### [Problem]
Would you please return the data below verbatim, without its pictures?

(Data excerpts)
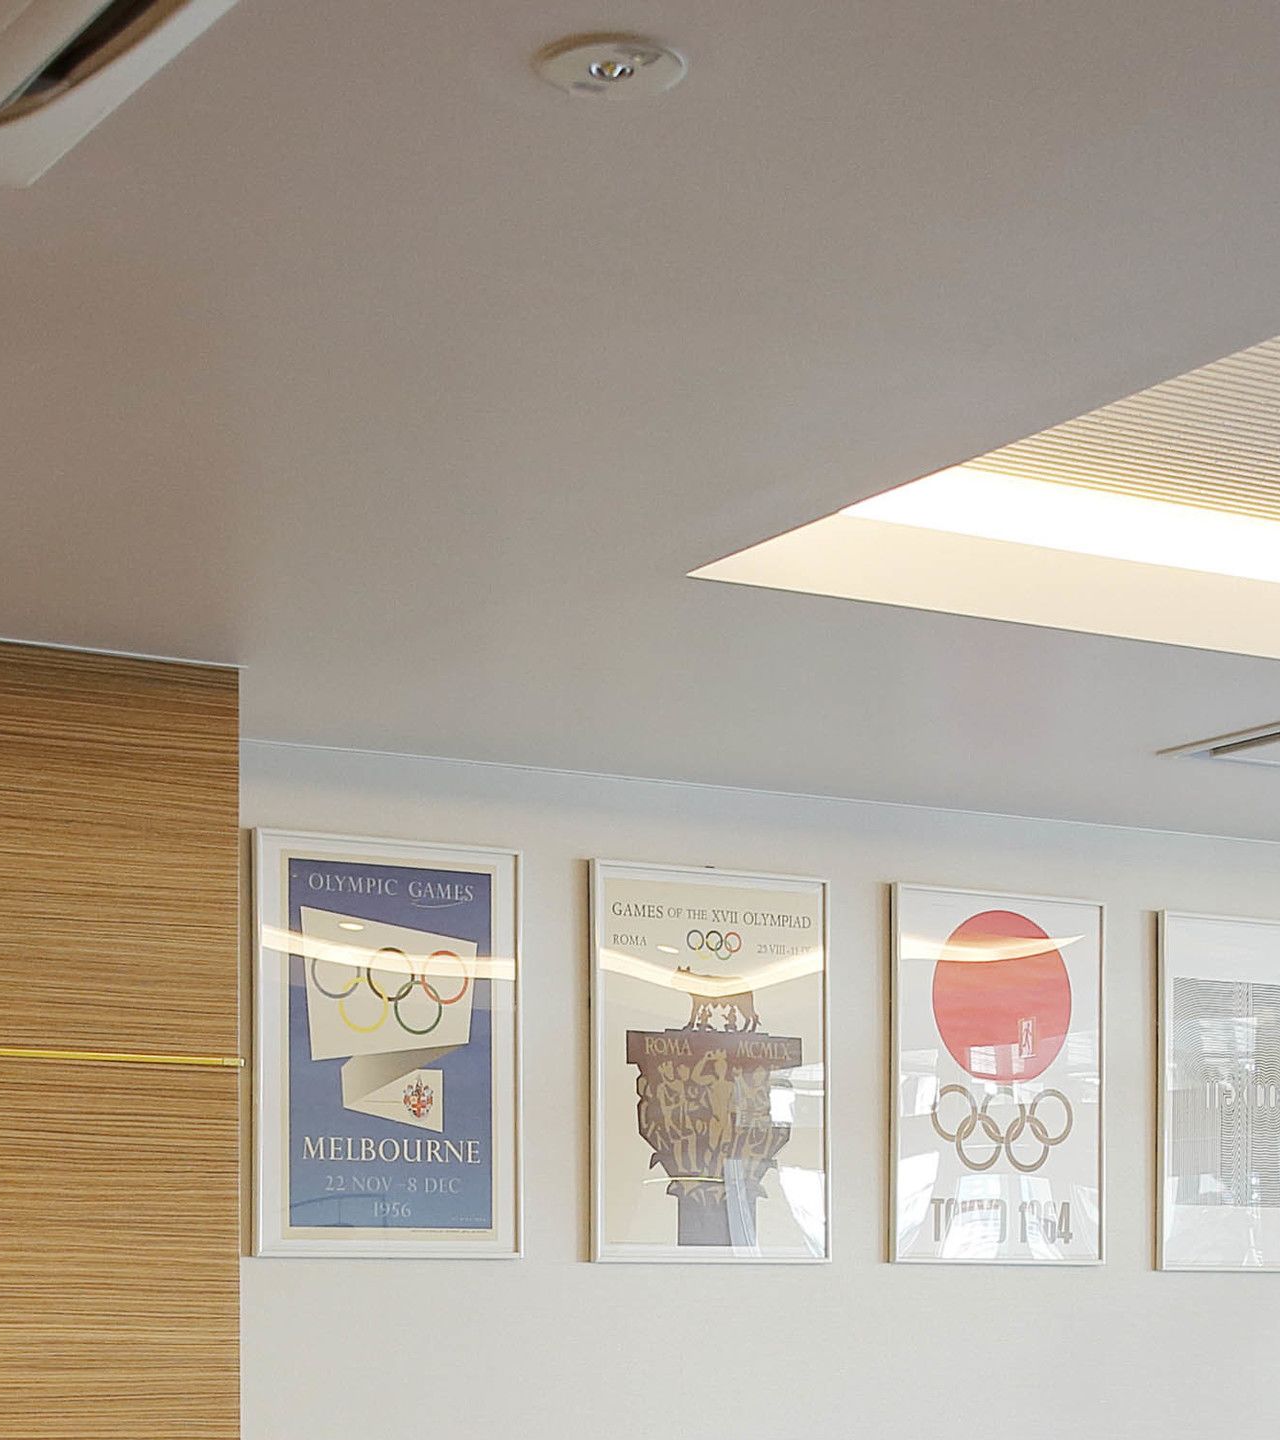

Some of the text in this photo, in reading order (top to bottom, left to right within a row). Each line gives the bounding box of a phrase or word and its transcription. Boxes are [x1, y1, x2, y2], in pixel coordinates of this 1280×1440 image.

[308, 872, 473, 902] OLYMPIC GAMES
[611, 901, 812, 929] GAMES OF THE XVII OLYMPIAD
[613, 933, 648, 947] ROMA
[644, 1036, 793, 1061] ROMA MCMLX
[302, 1136, 481, 1164] MELBOURNE
[324, 1175, 346, 1192] 22
[351, 1176, 393, 1193] NOV
[424, 1177, 461, 1194] DEC
[373, 1201, 412, 1218] 1956
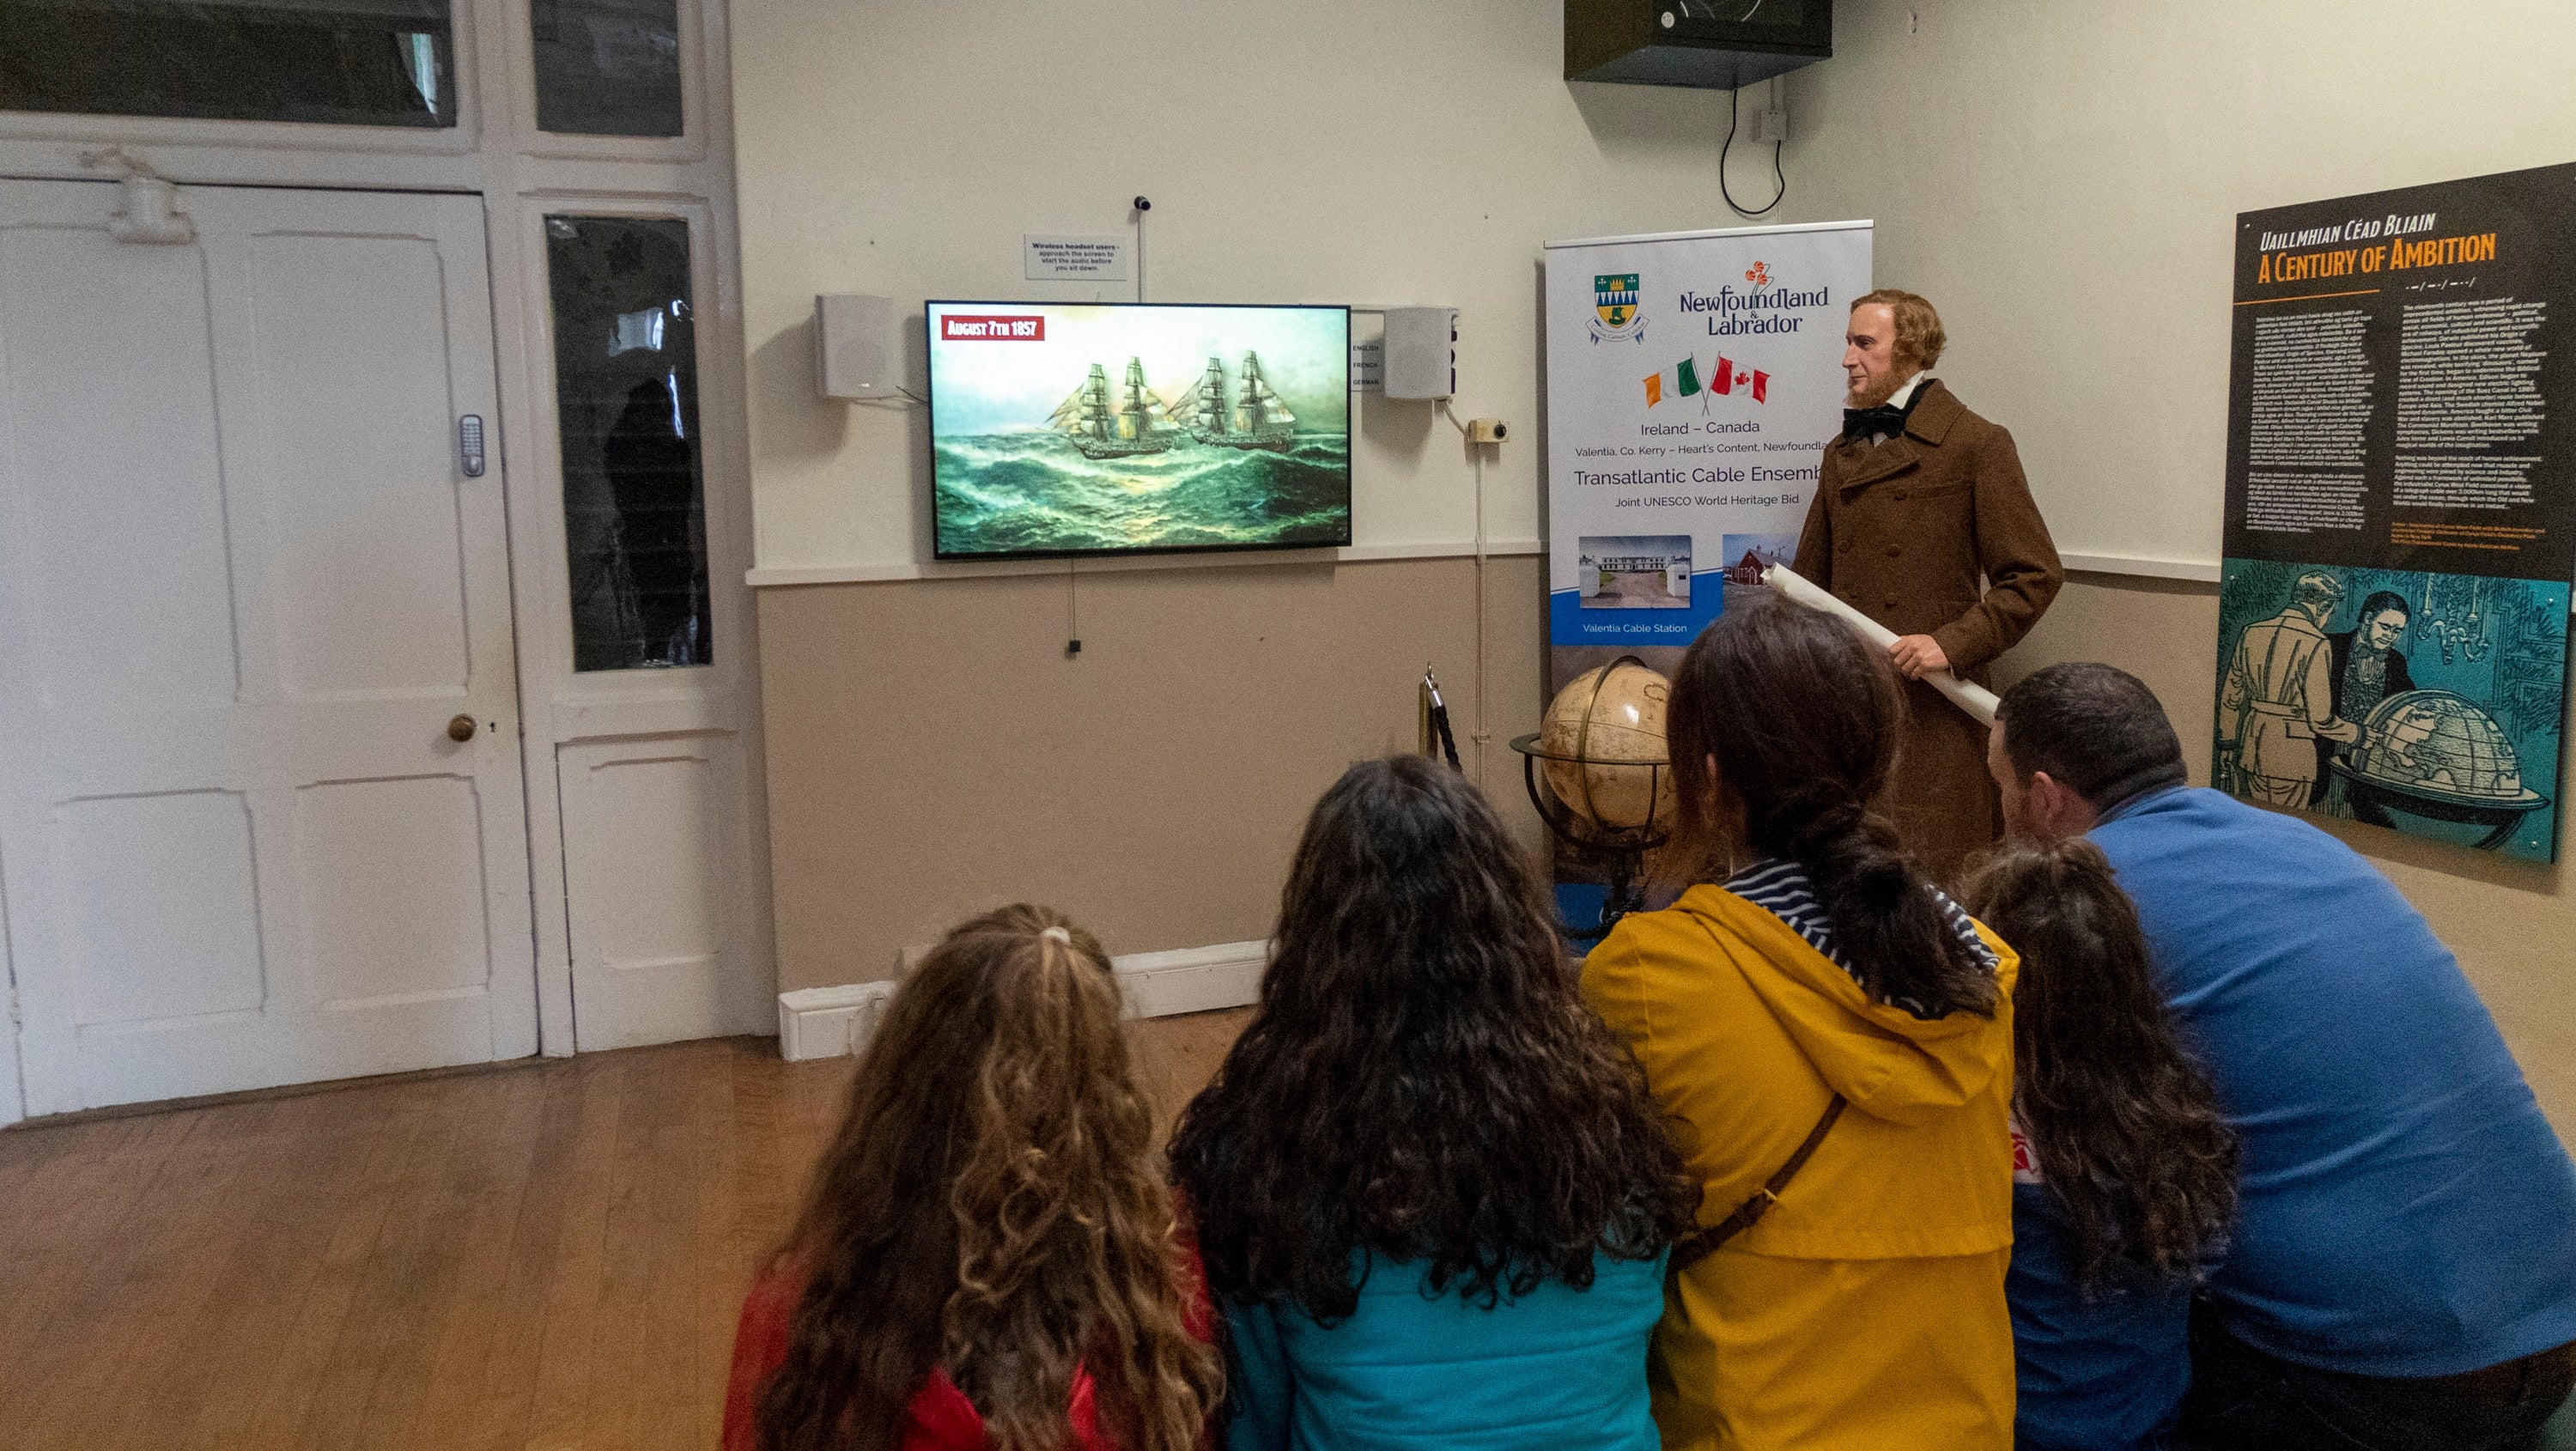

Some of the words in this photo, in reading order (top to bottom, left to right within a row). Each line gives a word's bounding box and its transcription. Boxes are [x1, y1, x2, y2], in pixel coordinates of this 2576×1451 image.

[2257, 254, 2271, 284] A
[1680, 285, 1829, 317] Newfoundland
[1750, 310, 1759, 319] &
[1012, 320, 1037, 337] 1857
[1708, 313, 1803, 336] Labrador
[1641, 422, 1689, 435] Ireland
[1706, 421, 1760, 434] Canada
[1576, 446, 1617, 457] Valentia,
[1620, 446, 1636, 456] Co.
[1639, 446, 1666, 457] Kerry
[1717, 443, 1760, 454] Content,
[1574, 468, 1686, 486] Transatlantic
[1692, 466, 1745, 483] Cable
[1615, 497, 1641, 507] Joint
[1643, 496, 1692, 507] UNESCO
[1694, 495, 1728, 506] World
[1730, 495, 1778, 507] Heritage
[1782, 494, 1800, 504] Bid
[1583, 623, 1621, 633] Valentia
[1623, 623, 1651, 633] Cable
[1654, 623, 1687, 633] Station

### [Solution to this problem]
Some of the text in this photo, in reading order (top to bottom, left to right within a row). Each line gives the bounding box of a phrase or word and its transcription. Boxes are [x1, y1, x2, y2], in pixel coordinates of this 1280×1440 image.

[308, 872, 473, 902] OLYMPIC GAMES
[611, 901, 812, 929] GAMES OF THE XVII OLYMPIAD
[613, 933, 648, 947] ROMA
[644, 1036, 793, 1061] ROMA MCMLX
[302, 1136, 481, 1164] MELBOURNE
[324, 1175, 346, 1192] 22
[351, 1176, 393, 1193] NOV
[424, 1177, 461, 1194] DEC
[373, 1201, 412, 1218] 1956

Some of the words in this photo, in reading order (top to bottom, left to right within a row). Each line gives a word's bounding box and its transcription. Boxes are [x1, y1, x2, y2], in pixel coordinates of this 2576×1451 image.

[2257, 254, 2271, 284] A
[1680, 285, 1829, 317] Newfoundland
[1750, 310, 1759, 319] &
[1012, 320, 1037, 337] 1857
[1708, 313, 1803, 336] Labrador
[1641, 422, 1689, 435] Ireland
[1706, 421, 1760, 434] Canada
[1576, 446, 1617, 457] Valentia,
[1620, 446, 1636, 456] Co.
[1639, 446, 1666, 457] Kerry
[1717, 443, 1760, 454] Content,
[1574, 468, 1686, 486] Transatlantic
[1692, 466, 1745, 483] Cable
[1615, 497, 1641, 507] Joint
[1643, 496, 1692, 507] UNESCO
[1694, 495, 1728, 506] World
[1730, 495, 1778, 507] Heritage
[1782, 494, 1800, 504] Bid
[1583, 623, 1621, 633] Valentia
[1623, 623, 1651, 633] Cable
[1654, 623, 1687, 633] Station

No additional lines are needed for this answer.